Why this is the first energy transition in history to deliver higher prices

Greg Canavan

Fat Tail Investment Research

A good part of the capital which had [been] so lavishly employed in the import trade, they are gradually diverting into that safer and infinitely more productive channel – the oil-fisheries … the whaling merchants are public benefactors, entitled to the gratitude of the whole community. They are stopping the inlets of Australian poverty, and opening those of Australian wealth.

                                                                                                                      Sydney Gazette, 18 March 1830

The Second Fleet, a convoy of six ships containing convicts, settlers and supplies, landed in Sydney in 1789. It was a notorious voyage. 25% of the convicts on board died enroute, and 40% were dead within six months of their arrival.

The private contractors who arranged transport and provisions were blamed. The authorities obviously didn’t instruct them to get their human cargo to Sydney in one piece. A reminder – if any is needed – that economics is all about incentives.

This debacle, which put the fledgling settlement on the brink of starvation, provided an opportunity for an enterprising whaling captain named Samuel Enderby.

Enderby was heavily involved in the British-American whale trade through his fleet of ships. However, following the American Revolution, an embargo was placed on exports to Britain. This included whale oil.

Before the discovery of petroleum in the 1850s, whale oil was the primary machine lubricant and preferred lamp oil in Europe and North America.

Enderby, in search of new markets, lobbied the British government to allow whalers to transport convicts to Sydney, and to then continue hunting whales in the southern ocean.

That way he could make money on both voyages. Human cargo on the way out, whale oil cargo on the way back.

In 1791, the Third Fleet left England for Sydney. Of the 11 ships that landed, five continued to hunt in the southern ocean, establishing the whale oil industry in Australia.

According to the National Museum of Australia:

Whaling became an essential part of the New South Wales economy and culture. Whalers were the most frequent visitors to the colony in its first decade.

Whaling was Australia’s first major industry with thousands of men and hundreds of ships eventually involved in the trade.

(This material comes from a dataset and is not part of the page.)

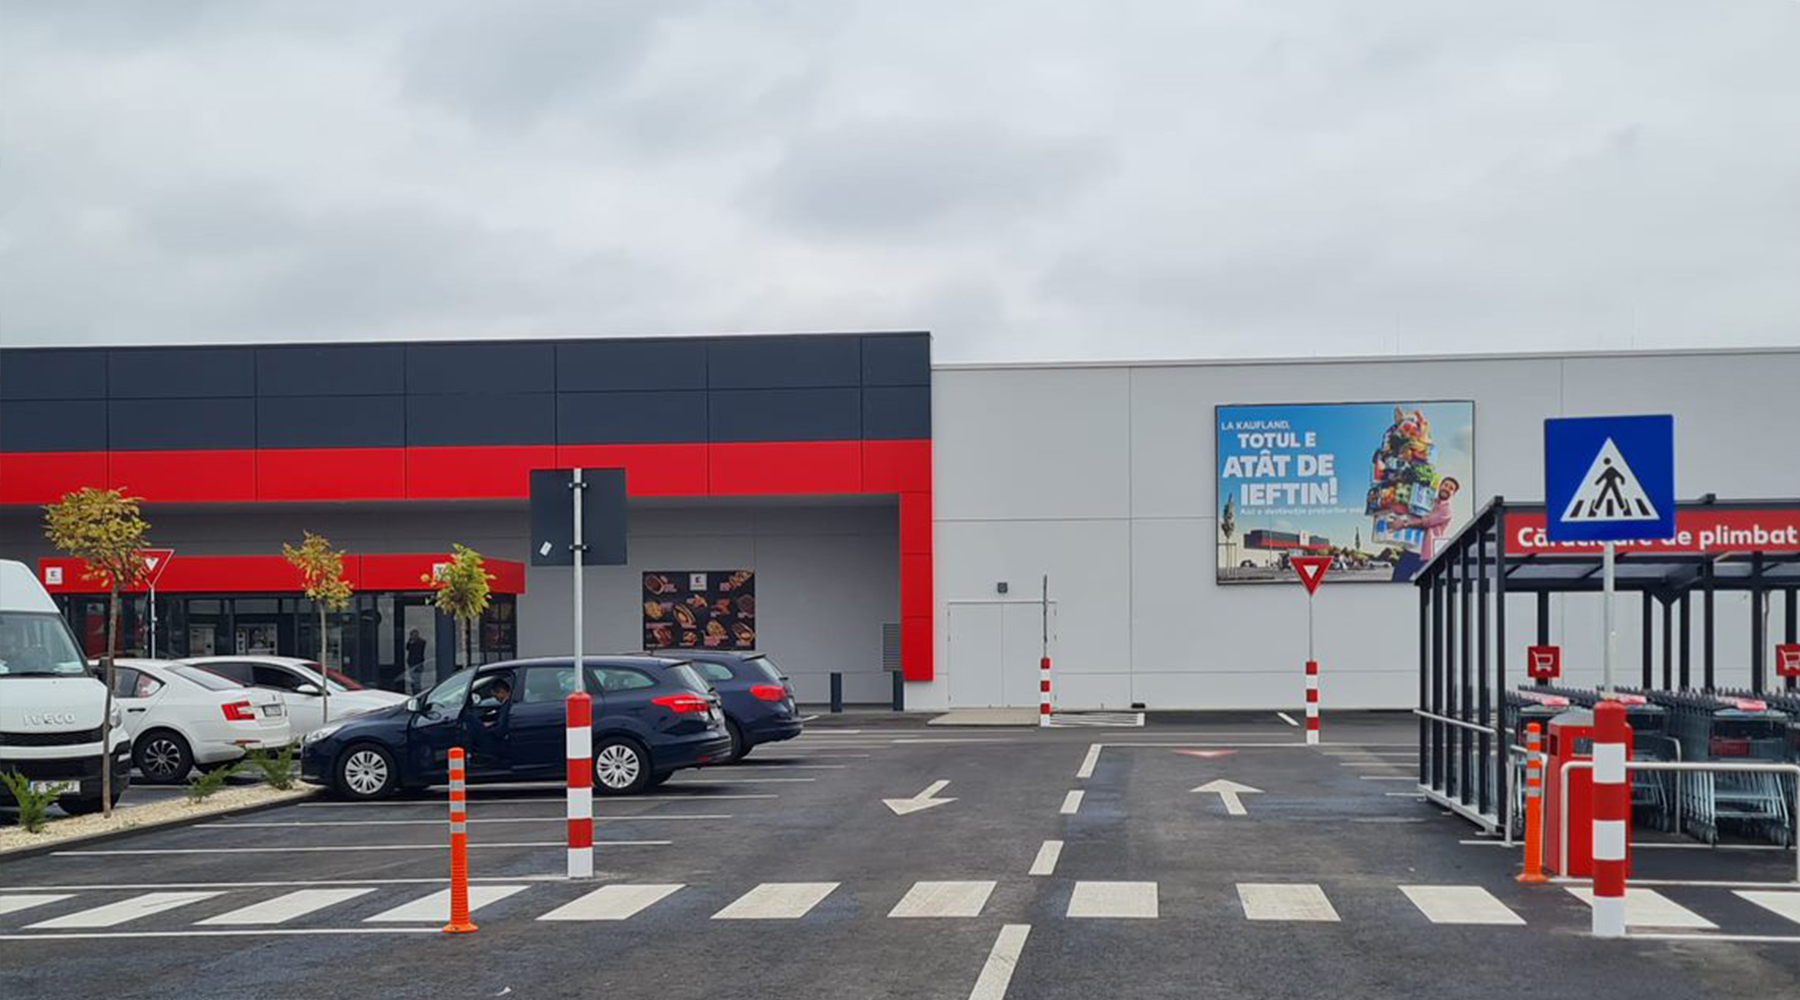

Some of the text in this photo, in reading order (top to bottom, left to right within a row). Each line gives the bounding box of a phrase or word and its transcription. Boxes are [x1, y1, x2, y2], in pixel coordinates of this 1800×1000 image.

The peak of Australian whaling activity was between 1820 and 1855, with up to 1,300 men working in the industry each year. With the 1851 discovery of gold in Australia, however, sailors deserted their ships en masse to travel to the goldfields. As petroleum increasingly replaced whale oil throughout the 1850s, the industry went into decline.

An industry that had provided New South Wales with 52 per cent of her exports in 1832 provided less than one per cent by .

The prosperity that the whale oil trade brought to the colony of New South Wales wasn’t lost on the public, as highlighted by the Sydney Gazette quote above. The whaling merchants were ‘benefactors’, preventing poverty and increasing wealth.

How times have changed.

In 2022-23, Australia’s exports of liquid natural gas, coal, and oil are expected to total $225 billion. That 50% of our total resource exports (the same as whale oil at its peak).

Yet the industry is vilified and shunned. Wealthy activists and university-educated know-nothings want to shut these industries down.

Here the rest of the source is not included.